The views expressed by contributors are their own and not the view of The Hill

Time to act on the Founding Fathers’ vision for managing the pandemic

The Founding Fathers gave us the government we need to effectively manage the consequences of COVID-19 and its threat to our economy. It is federal and each level — national, state and local— has an essential role to play. The loud, often contentious debate as to who does what best has got to end. The wisdom of the Founding Fathers has always served us well. Let’s keep in mind their three principles of federal policymaking and assignment of responsibilities.  

First, Fund Nationally.  

As Alexander Hamilton stressed, it is the job of the national government to raise the funds required to provide national public goods, to ensure the equitable and efficient distribution of essential resources, and when necessary, to protect our citizens against the economic loss of large and unexpected economic disasters. Our citizens are highly mobile, our economy is national and the virus is often asymptomatic and contagious. It is impossible to keep its effects within states, much less local boundaries. Understanding the science of the virus and developing and disseminating a public health strategy for its containment — social distancing and stay-at-home — are national public goods and the responsibilities of the National Institutes of Health (NIH) and the national Centers for Disease Control and Prevention (CDC).   

Further, the national government must ensure that important resources for the diagnosis and treatment of the virus are distributed to the areas of greatest need, not to the states with the most money. As during World War II, today, when essential supply chain inputs are in scarce supply — diagnostic tests, protective equipment and ventilators — it is the national government that must allocate these resources, not the marketplace. This is a job for the national Coronavirus Task Force.

Finally, we must provide citizens and state and local governments in distress with the resources they need to survive the economic shocks from the pandemic. Hamilton in Federalist Papers 30 recommends using national debt rather than taxes to smooth costs over time and to minimize the long-run damage for a declining economy of a large tax increase. This buck literally stops at the federal level. As the Founding Fathers had hoped, a bipartisan Congress has, so far, done its job but one last piece is missing, and it’s essential. 

State and local governments are facing an unprecedented fall in income and sales tax revenues and fees, rising expenditures for unemployment payments and health care costs. Together they create a budget gap of $500 billion for next year or about 20 percent of state and local spending. Current accumulated surpluses in the states’ rainy-day funds and their unemployment trust funds can contribute $160 billion to close the gap. That still leaves a $340 billion shortfall. Revenue sharing paid to the states related to each state’s level of unemployment and prevalence of diagnosed cases of COVID-19 is appropriate. This is a national burden, created by a national disaster and best shared nationally.     

Second, Plan Regionally

As James Madison stressed in Federalist Papers 10, state officials can best manage national priorities and allocate national resources to meet unique state circumstances. Setting state regulations for citizen interactions — both socially and economically — is best done by those who understand state circumstances. More stringent regulations for social distancing are appropriate for states with concentrated and mobile populations; less so for more rural or isolated states. So too should the states decide the allocation of national relief funding, both to individuals as unemployment compensation and to local governments to meet recognized fiscal needs. 

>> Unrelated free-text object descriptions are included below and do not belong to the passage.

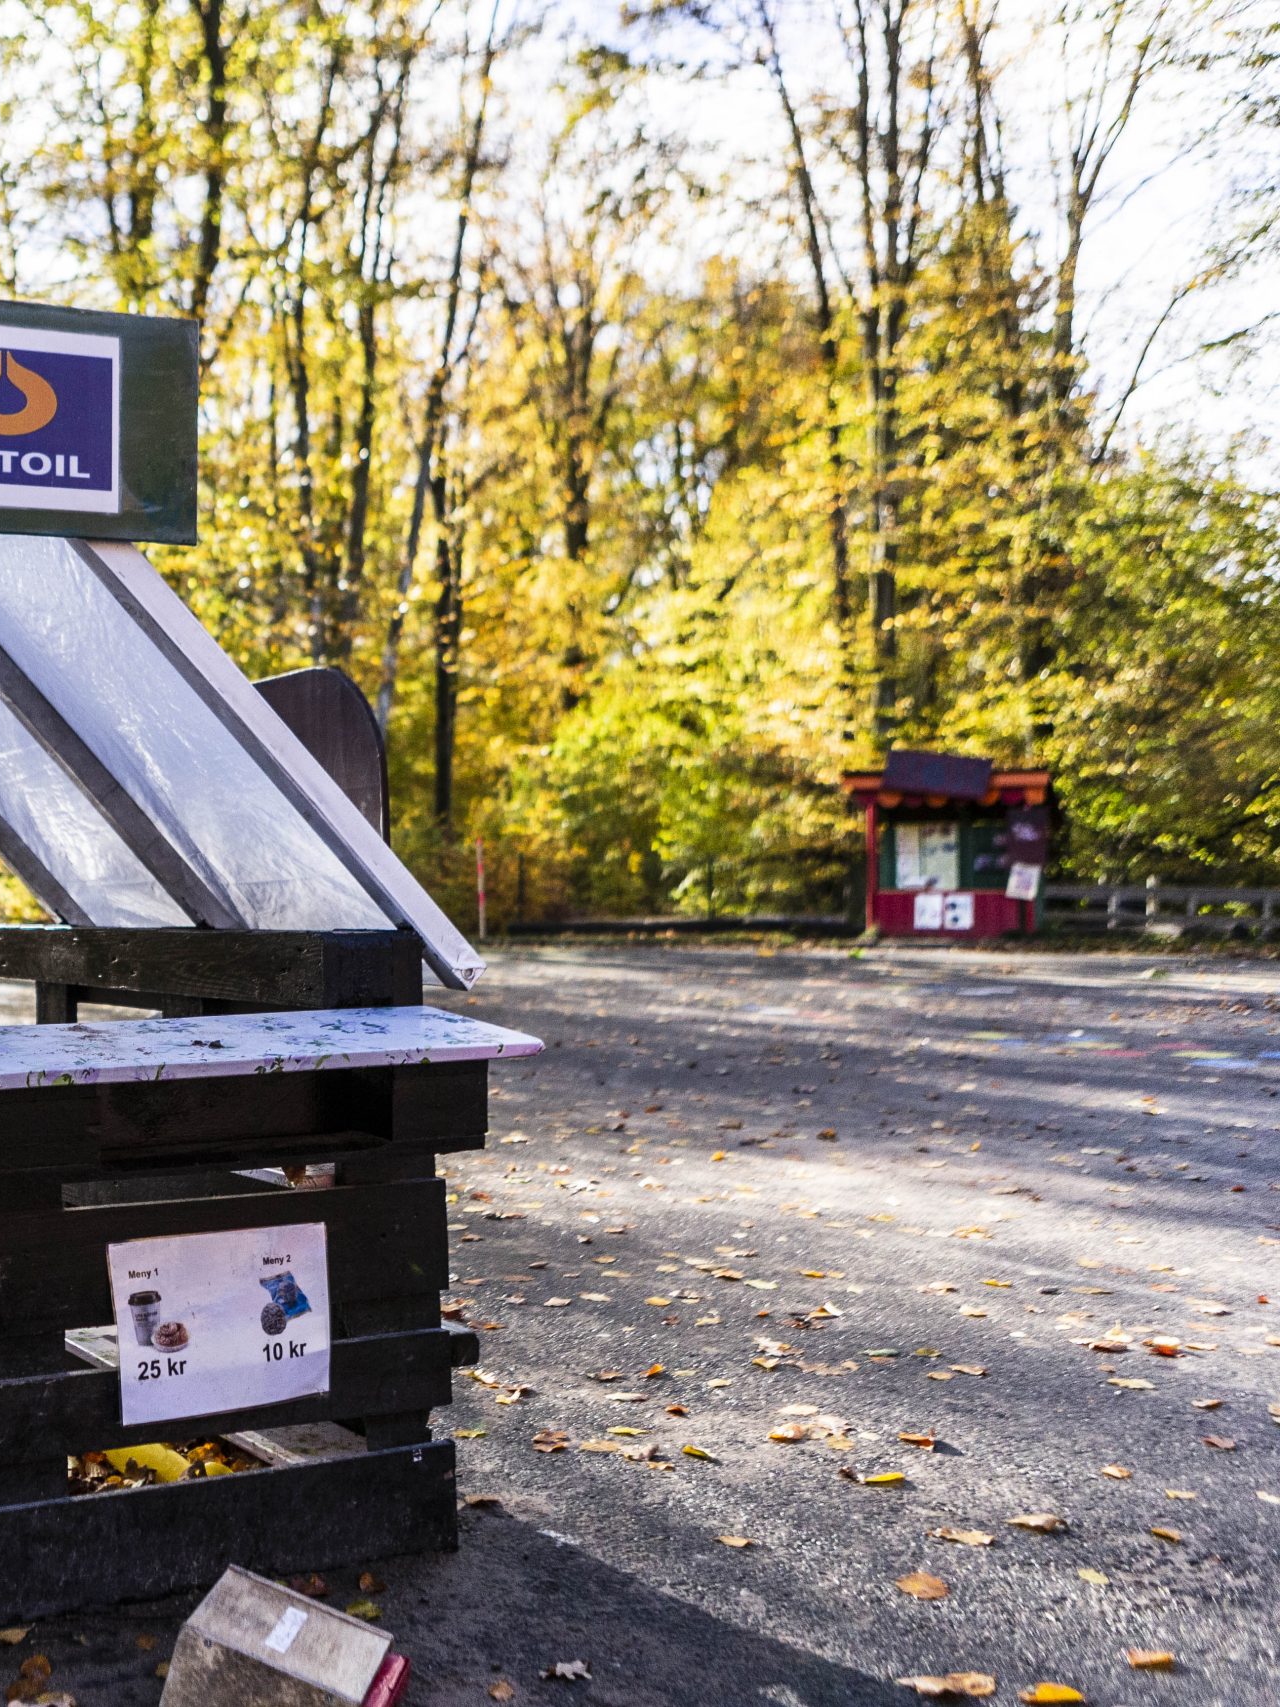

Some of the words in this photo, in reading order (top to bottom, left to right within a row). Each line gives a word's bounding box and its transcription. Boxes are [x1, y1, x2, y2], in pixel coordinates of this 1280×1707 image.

[262, 1256, 284, 1266] Meny
[286, 1254, 292, 1264] 2
[128, 1270, 152, 1280] Meny
[153, 1267, 159, 1277] 1
[262, 1342, 283, 1363] 10
[289, 1340, 308, 1359] kr
[137, 1359, 162, 1381] 25
[167, 1357, 187, 1377] kr
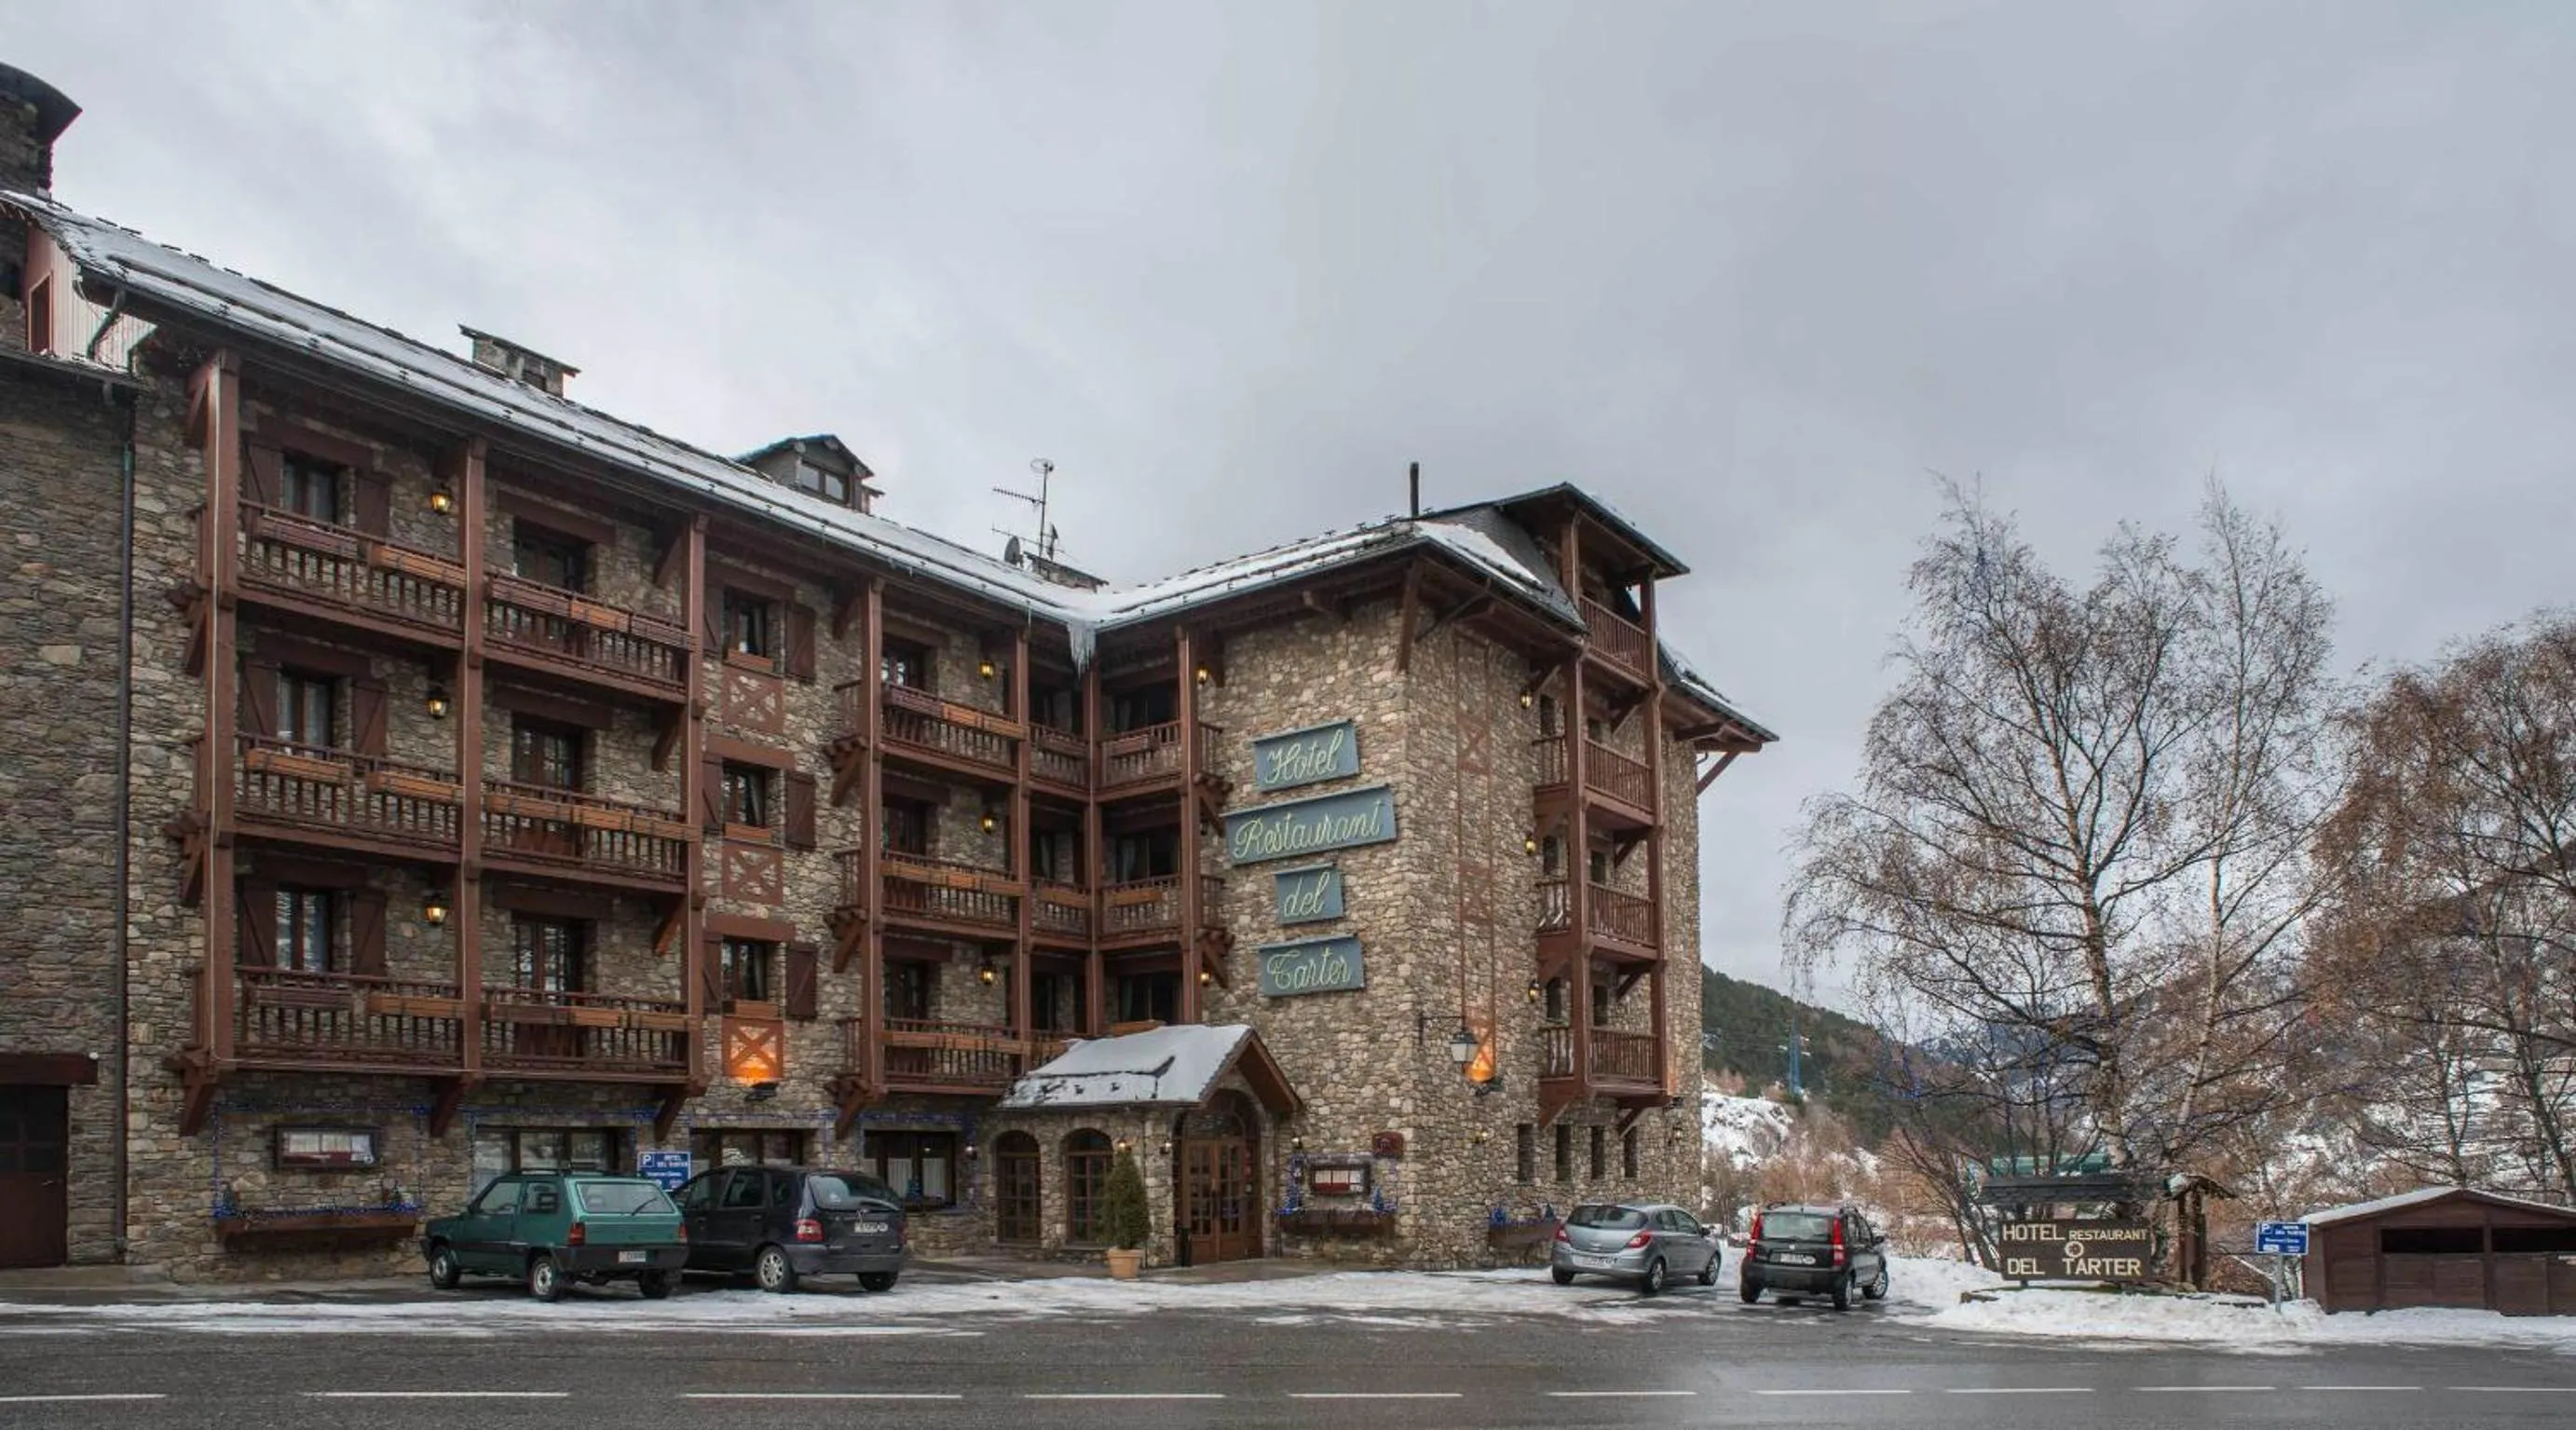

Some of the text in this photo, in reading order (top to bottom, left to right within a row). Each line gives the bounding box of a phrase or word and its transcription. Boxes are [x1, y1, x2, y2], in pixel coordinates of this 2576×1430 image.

[1264, 729, 1344, 784] Hotel
[1233, 799, 1384, 859] Restaurant
[1283, 871, 1330, 918] del
[1266, 947, 1351, 990] Tarter
[643, 1154, 652, 1165] P
[2003, 1223, 2147, 1241] HOTEL RESTAURANT
[2261, 1222, 2270, 1233] P
[2007, 1258, 2142, 1276] DEL TARTER

When state policies have spillovers across state lines, however, governors must cooperate and share best practices for managing the virus. Asymptomatic residents move across state lines. Effective cooperation is happening and must be encouraged. Govs. Andrew Cuomo (D-N.Y.), Phil Murphy (D- N.J.), and Ned Lamont (D-Conn.) have coordinated their strategies for emergency care. Washington Gov. Jay Inslee (D), whose state is seeing a declining rate of new cases, has made the state’s excess supply of masks and ventilators available to New York. Most recently, the governors of California, Oregon and Washington and those of Delaware, Pennsylvania, New York, Connecticut, Rhode Island and Massachusetts have agreed to form regional compacts for the coordinated opening of their state economies.  

Third, Deliver Locally. 

Enforcement of state regulations for social distancing, treatment for patients and voluntary support for those in need — food banks — along with ensuring the continued provision of safety, education and a clean environment are the jobs of local governments. Be flexible — mayors understand their local economies and their citizens’ health needs best. Community leaders have the most accurate knowledge as to which hospitals need additional ICU space, respirators and personal protective equipment. So too will they best understand which families and what neighborhoods are in greatest need of screening and economic support. When delivering services think zip codes, not states.

Born from the necessity of a failed confederation and afraid of the pettiness or incompetence of an imperial presidency, the Founding Fathers invented federal governance with multiple centers of expertise and appropriately assigned, but constrained, powers. Their vision has served us well through previous national emergencies. It is important that we allow it to do so again.

Robert P. Inman is the Richard K. Mellon professor, Emeritus and professor of finance and economics at the Wharton School of the University of Pennsylvania. Daniel L. Rubinfeld is the Robert L. Bridges professor of law and professor of economics, Emeritus at the University of California, Berkeley and professor of law at NYU.